悪辣で、絶望的な仕組みだと痛感する。同時に俺の力のなさに自然と歯噛みした。
この壁から先に進むには、魔法的な、もしくは神秘的な永続した潜水の技能が必要になる。
肉体を鍛えあげて一時間や二時間以上の潜水が可能となる方法でもいいが、それを望むには海の民ぐらい水に適応した血統が必要になるだろう。
「……どれもこれもない俺には道具が適当、か」
最も、その方法にすら一つの問題がある。そしてそれを解決するにはまた技能が必要だった。
「覚悟一つで切り抜けられる環境は終わってるわけか……」
覚悟一つでどうにかできるのは精々が中庭の司祭のデーモンを倒すまでだ。中庭より先の地下からは戦闘技能が必須であったし、庭園と森では毒に対する耐性か防具が必要であった。

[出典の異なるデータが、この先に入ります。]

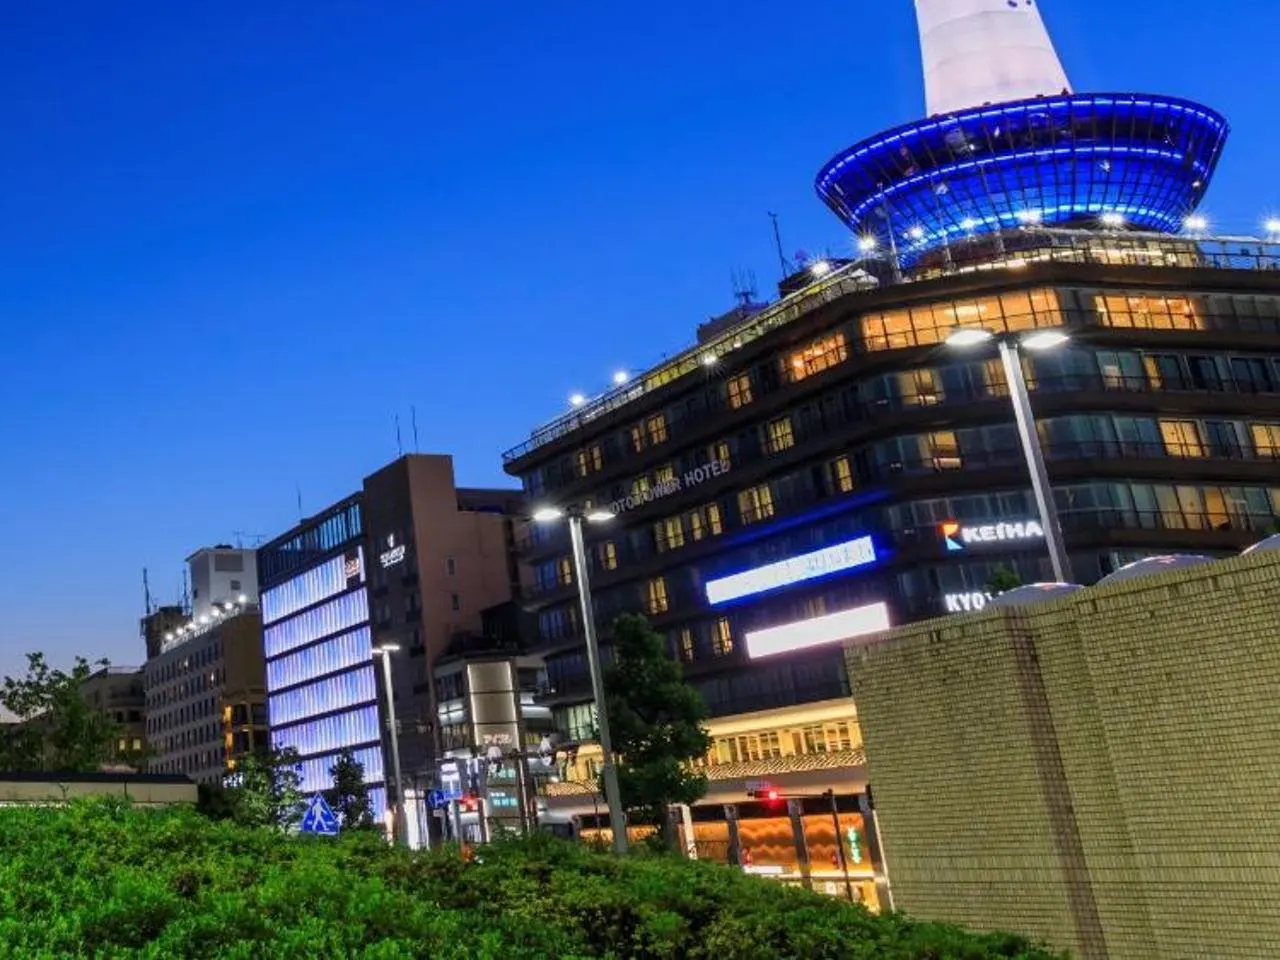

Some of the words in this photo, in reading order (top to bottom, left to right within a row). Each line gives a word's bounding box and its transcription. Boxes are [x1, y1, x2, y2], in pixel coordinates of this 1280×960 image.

[684, 458, 732, 487] HOTEL
[961, 520, 1044, 543] KEIHA
[944, 591, 1003, 612] KYO

この塔であれば、それは水に対する対応力か。最もそんなものを持っている人間は稀であるからダンジョンも救済としての道具を用意している。
袋より取り出したマスクを見下ろして俺は少しの躊躇をする。
俺のように魔法の袋を持っているならともかく、そうでないなら食糧や水、武器などの物資の多くを現地調達せざるを得ないからだ。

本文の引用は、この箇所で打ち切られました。